When these conditions are age-related they tend to develop slowly, allowing geriatric pets to adjust their behavior and making it difficult for pet owners to notice.
- Liver disease
In senior cats, liver disease is common and may be the result of high blood pressure or hyperthyroidism. Symptoms of liver disease in cats include loss of appetite, jaundice, drooling, vomiting, diarrhea, and excessive thirst.
Liver disease in dogs can result in a number of serious symptoms including seizures, vomiting, diarrhea, fever, jaundice, abdominal fluid buildup, and weight loss.
If your geriatric dog or cat is displaying any of the symptoms of liver disease, veterinary care is essential.
Although dogs and cats can develop diabetes at any age, most dogs are diagnosed at approximately 7-10 years of age and the majority of cats diagnosed with diabetes are over 6 years of age.
Signs of diabetes in dogs and cats include excessive thirst, increased appetite accompanied by weight loss, cloudy eyes, and chronic or recurring infections.
Obesity is a risk factor for diabetes in both cats and dogs.
- Kidney disease
As pets age, their kidneys tend to lose their function. In some cases, kidney disease can be caused by medications used to treat other common conditions seen in geriatric pets.

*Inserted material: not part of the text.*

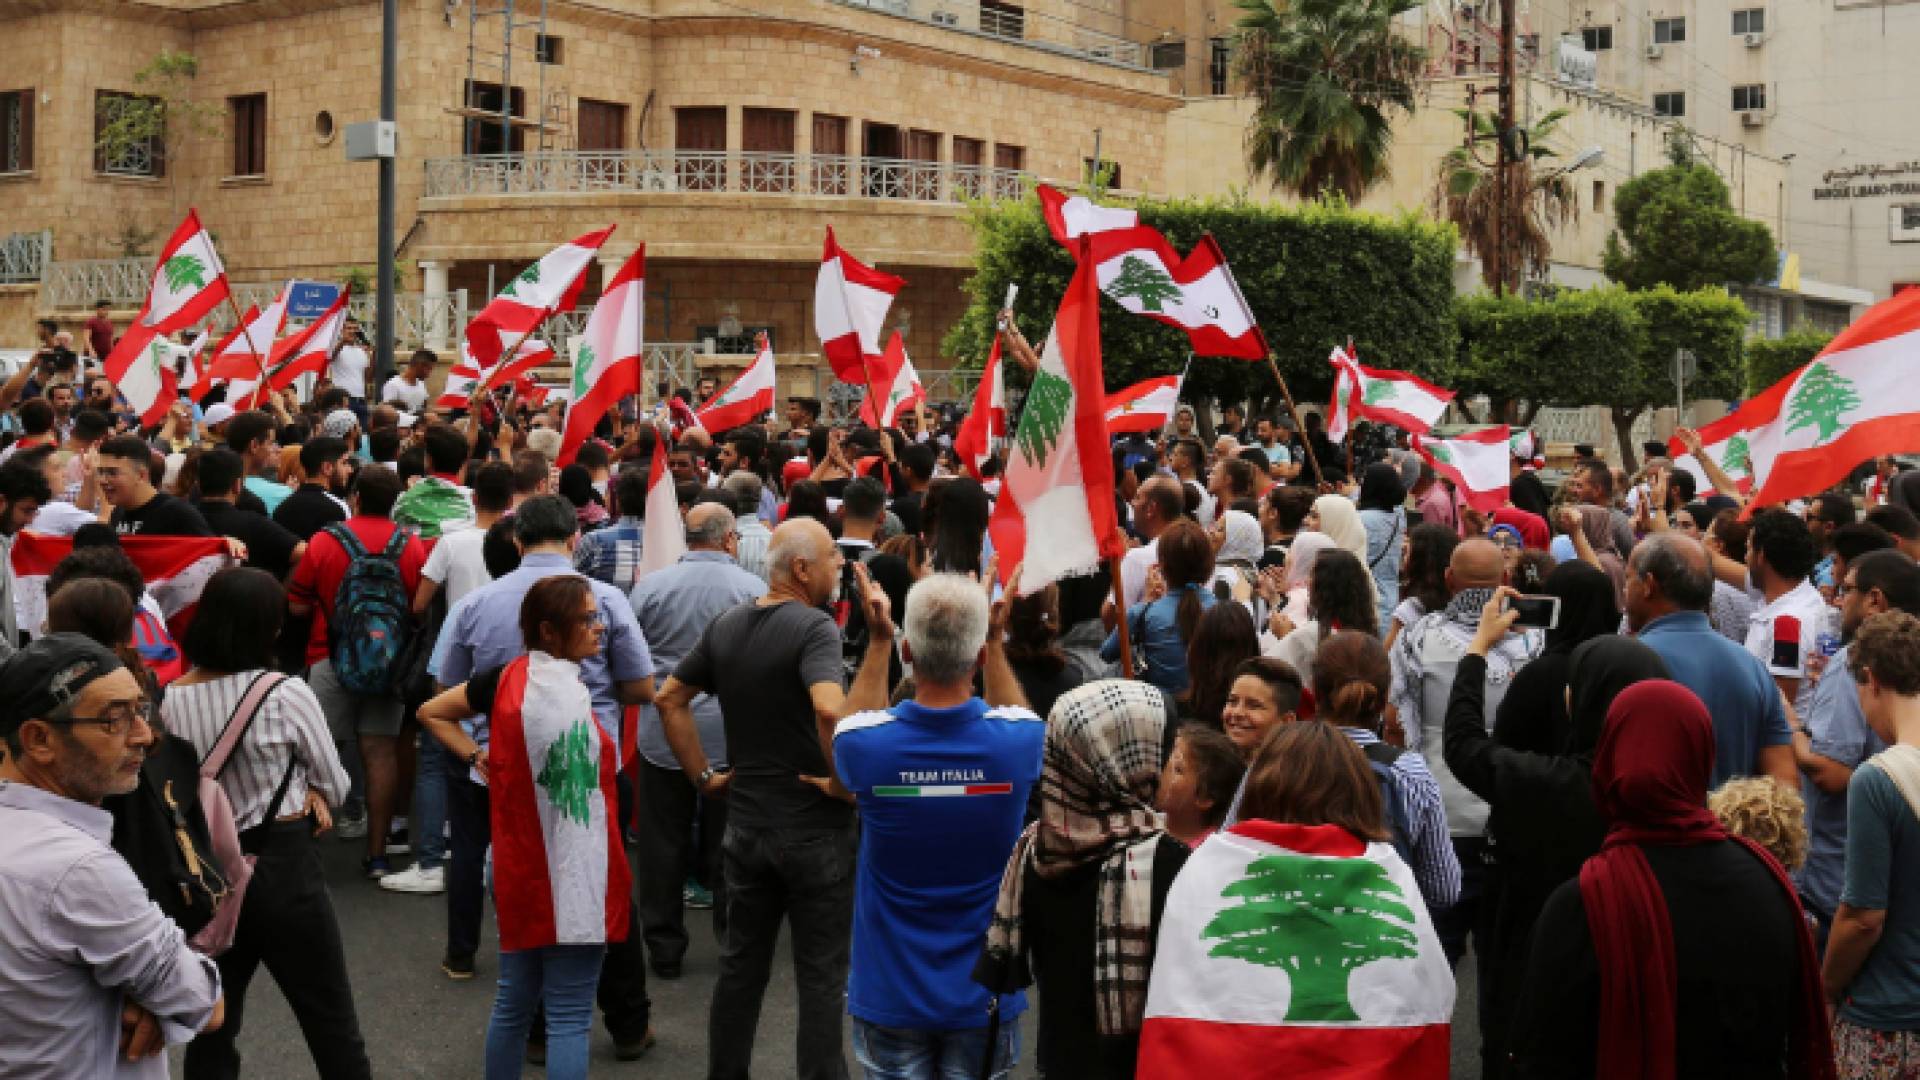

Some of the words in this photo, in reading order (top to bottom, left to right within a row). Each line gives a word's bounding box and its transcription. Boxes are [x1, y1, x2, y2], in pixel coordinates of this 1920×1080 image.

While chronic kidney disease cannot be cured, it can be managed with a combination of diet and medications.
- Urinary tract disease
Our Modesto vets often see geriatric cats and dogs with urinary tract conditions and incontinence issues. Elderly pets can be prone to accidents as the muscles controlling the bladder weaken, but it's important to note that incontinence could be a sign of a bigger health issue such as a urinary tract infection or dementia.
If your senior pet experiences incontinence issues it's important to take your geriatric dog or cat to the vet for a thorough examination.
Veterinary Care for Senior Dogs & Cats
Our vets will thoroughly examine your senior pet, ask about their home life in detail and perform any tests that may be required to receive additional insight into his or her general physical health and condition.
Based on the findings, we'll recommend a treatment plan that can potentially include medications, activities and dietary changes that may help improve your senior pet's health, well-being and comfort.
Routine Wellness Exams
Routine preventive care is essential to helping your senior pet live a healthy and fulfilled life. It also gives our vets the opportunity to detect diseases early.
Early detection can help preserve your pet's overall health and catch emerging issues before they develop into long-term problems.
With regular physical examinations, your pet will have the best chance at quality long-term health.